Johnny onion

Johnny onion

As stocks in the Genus vegetable garden start to dwindle it’s encouraging to see 2024’s produce already underway starting us off on an encouraging footing for the new year.  Onions, garlic, and shallots are all proudly defying the cold weather making us want to consider their origins.
With Iran, Pakistan, and more broadly Central Asia being their ancestral home the first thought is how they can tolerate our cold winters?  A  quick check on the climate of those regions shows that they can experience bitter winters just like ours.  Domesticated in neolithic times, it seems that onions and garlic came over with the Romans but it wasn’t until the15th century that they started to appear in written recipes.

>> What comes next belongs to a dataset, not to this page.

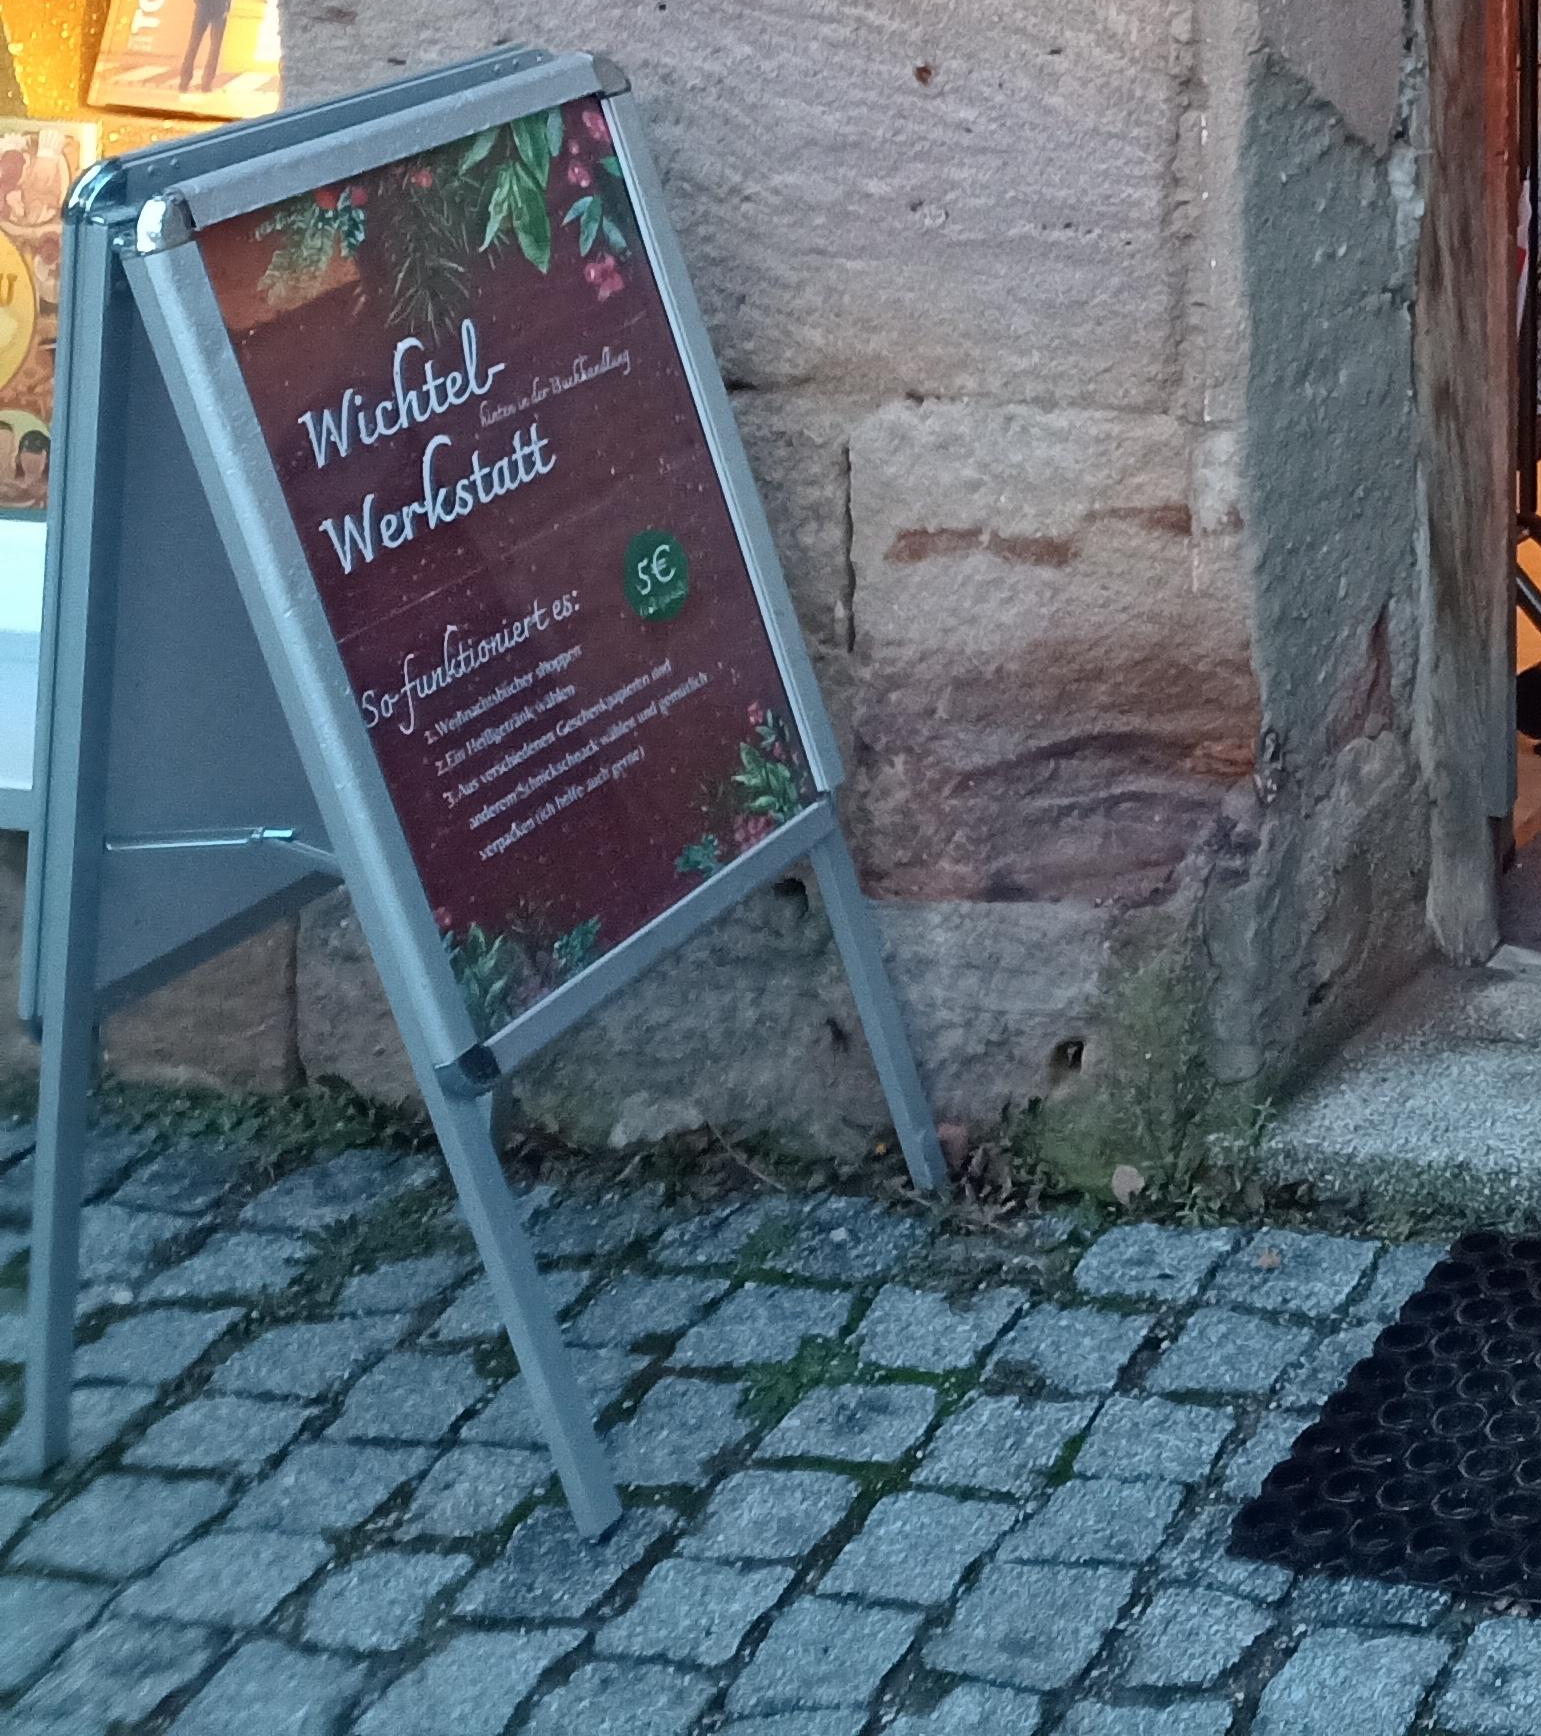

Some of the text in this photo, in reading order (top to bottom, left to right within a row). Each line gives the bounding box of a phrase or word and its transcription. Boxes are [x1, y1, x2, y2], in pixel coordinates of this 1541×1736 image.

[298, 319, 506, 469] Wichtel-
[319, 422, 557, 575] Werkstatt
[636, 544, 676, 596] 5€
[362, 590, 580, 735] So funktioniert es:

During wartime Britain supplies of onion became virtually non existent, one onion raising over £4 in a raffle, while others were given as special birthday presents.  Though fruit or vegetables were never rationed onions remained scarce until the Ministry of Agriculture announced that production would be increased fifteen-fold - by 1942 this ambitious target had been met.

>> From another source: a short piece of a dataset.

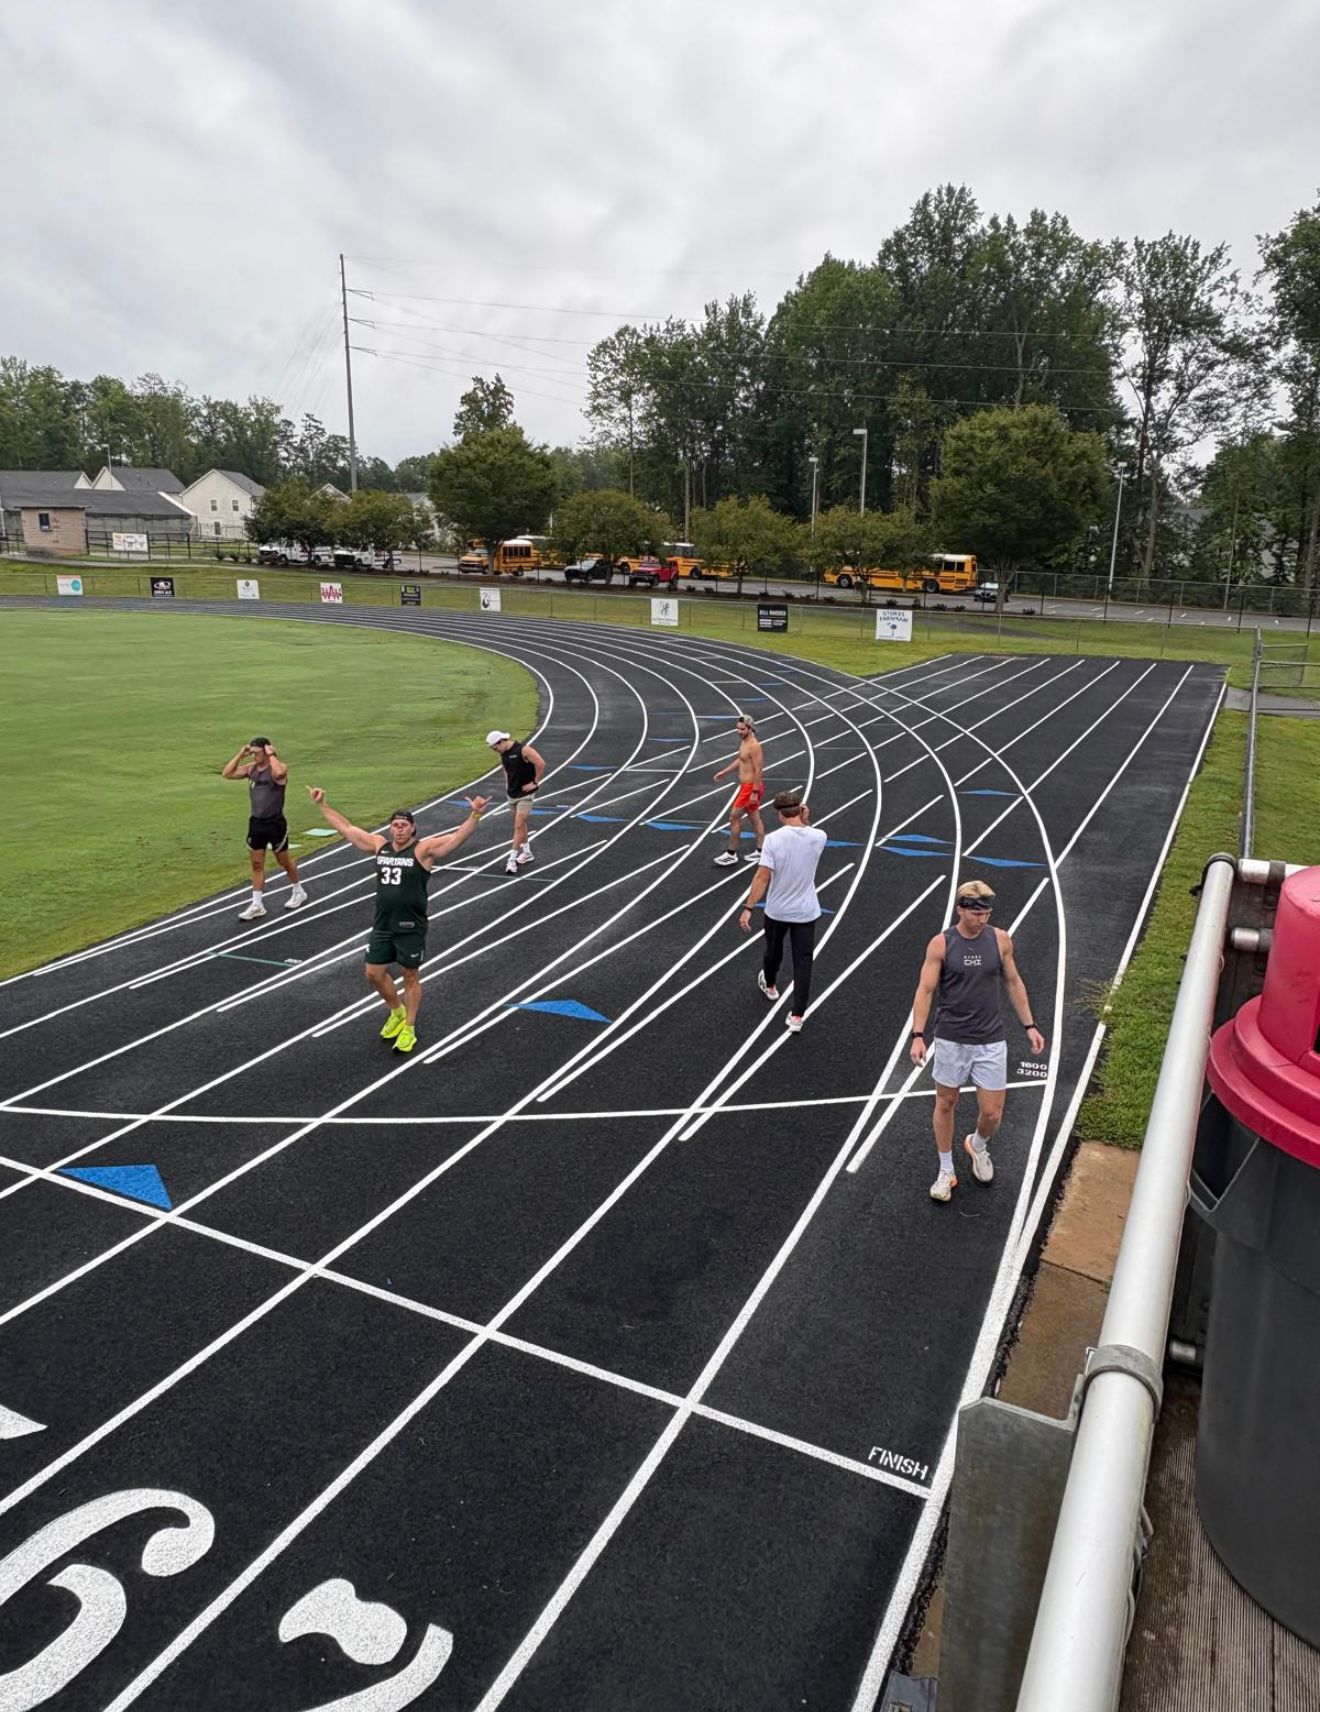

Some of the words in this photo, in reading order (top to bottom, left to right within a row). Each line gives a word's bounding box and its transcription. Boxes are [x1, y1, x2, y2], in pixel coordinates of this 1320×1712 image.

Few of us remember the ‘Onion Johnnies’ - the classic image of a Frenchman on a bicycle with strings of onions hung over his shoulder.  The trade is thought to have started around 1828 but the golden age of the Johnny was the 1920’s when there were 1,400 of these men crossing the channel to sell 9,000 tonnes of the vegetable each year.  Sadly the trade dwindled to almost nothing in the 1950's.
These days as gardeners we're spoiled for choice - red, brown, white, shallot, garlic or spring - there's hundreds of options to be had in sets or seeds.  When buying a simple net of onions, or adding them to our meals, it's fascinating to understand the history and the journey that has been taken by a vegetable that plays a part in our diets on a daily basis.